Somewhere in the late summer of ’77 there came to the Moated Grange early one morning two visitors, of whom one was destined to exert a considerable influence on Brion’s fortunes. These were Sir Richard Grenville, and a young connexion of his named Walter Raleigh, both West Border gentlemen of good family, and one of them, the elder, holding some sort of official position as County Sheriff. This latter was a strong, compact, saturnine man of thirty-seven, rough bearded and voiced, and with a manner which halted, if at all, on the near side of offence; in all of which characteristics he afforded as complete a contrast as was possible with his companion, whose extreme graces of courtesy and geniality, together with a handsome gallant presence, made only more emphatic the coarse grain of the other. This Mr Raleigh was but lately home, it seemed, from fighting in the Low Countries, where he had played the part of a good soldier against the King of Spain, and earned for himself a reputation which he was quite prepared to stake against the most extravagant throws of Fortune. He was a tallish young man of twenty-five, very shapely in the limbs, with a white hand and a comely intellectual face, rather overhigh in the forehead, but with noble brown eyes, which, at a tale of arms and chivalry, would glow like living fires. His human weakness—if weakness it were to treat so fine a body delicately—lay in a certain over-gallantry of attire. He loved fine clothes, and knew how to wear them to effect. Now, though he was by the road, and only country folk to appraise him, he was dressed as though to attend a Queen’s junketting—from embroidered bonnet to long Flemish boots of soft leather a star of fashion. His little pointed beard was scented, as were his cheveril gloves; he had jewels in his ears; his gilt spurs ‘rang the morris-dance.’ And yet to judge him effeminate would have been to invite disaster.
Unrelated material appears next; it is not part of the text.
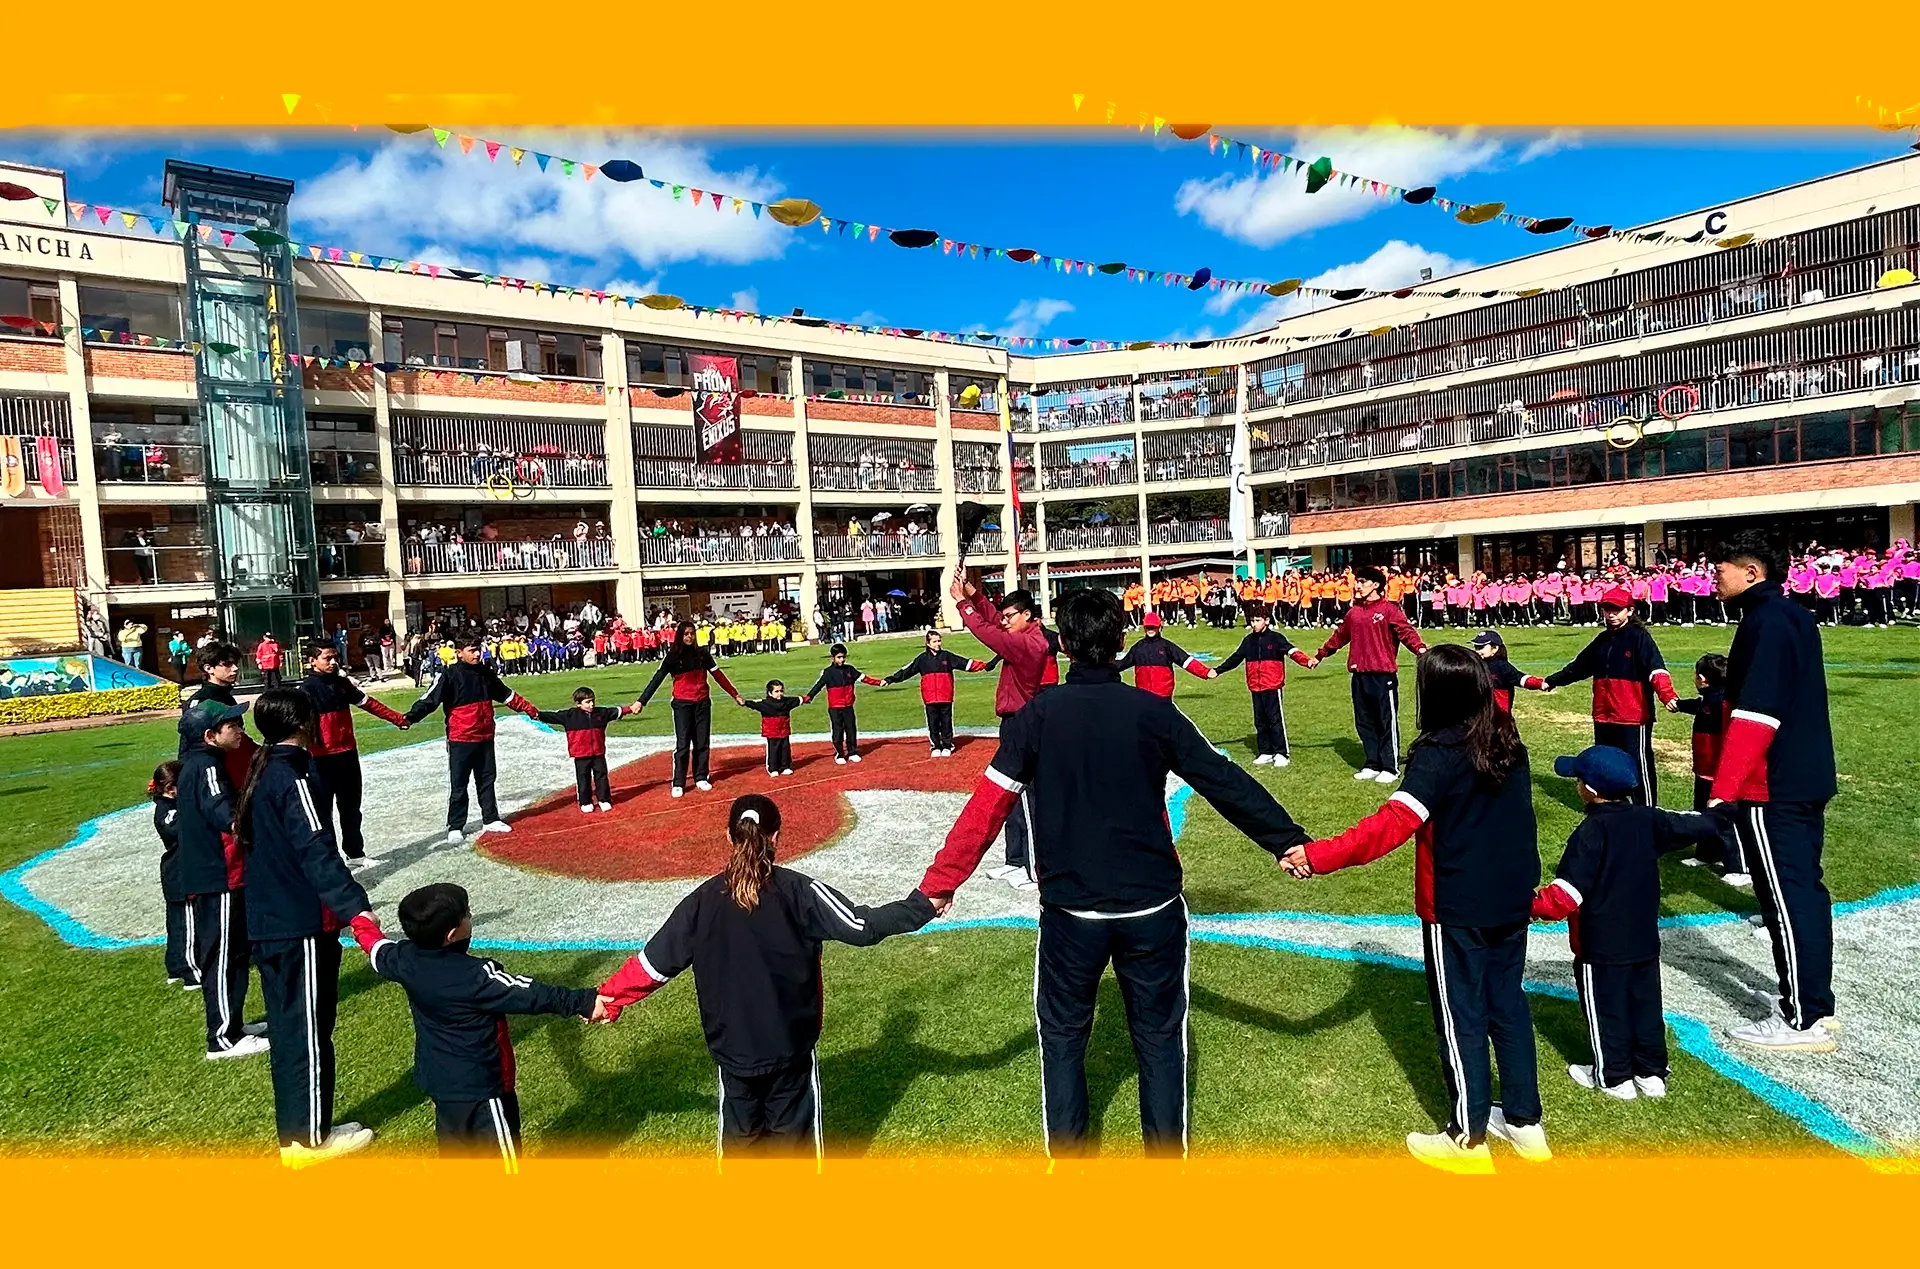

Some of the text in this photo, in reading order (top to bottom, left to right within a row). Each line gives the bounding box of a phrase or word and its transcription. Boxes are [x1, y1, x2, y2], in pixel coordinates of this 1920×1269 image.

[1705, 211, 1727, 235] C
[0, 232, 94, 260] ANCHA
[693, 372, 732, 392] PROM
There is a form of foppishness about which it does not do to assume that it lacks the courage of its opinions; and here was a wrist as strong and supple as the wit behind it was virile.
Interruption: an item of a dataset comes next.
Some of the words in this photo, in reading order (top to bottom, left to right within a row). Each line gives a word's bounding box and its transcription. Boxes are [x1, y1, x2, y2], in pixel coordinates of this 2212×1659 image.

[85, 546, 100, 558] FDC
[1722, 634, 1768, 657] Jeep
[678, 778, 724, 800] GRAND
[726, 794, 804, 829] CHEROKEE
The two gentlemen—the one in virtue of his office, the other of his own engaging assurance, it seemed—appeared as uninvited guests; but there was little doubt as to the purpose of their visit. Rumours, in an unfriendly neighbourhood, had got abroad as to the supposed Papistical tendencies of the master of the Grange, and the Sheriff considered, or made, it his business to inquire into the matter. He did so, to do him justice, frankly and at first hand, and would accept no hospitality, for himself and his companion, until he was satisfied as to the baselessness of the accusation. Convinced of which, he consented for them to dine and lie the night at the Grange, and Phineas was put to his mettle to provide a feast worthy of the occasion.

Brion, having been early astir, with Clerivault, on the moors after wild fowl, did not encounter the newcomers until he came in to dinner at eleven o’clock. But his surprise on finding them there was so graced by tact in his greeting as to appear more like gratification than wonder.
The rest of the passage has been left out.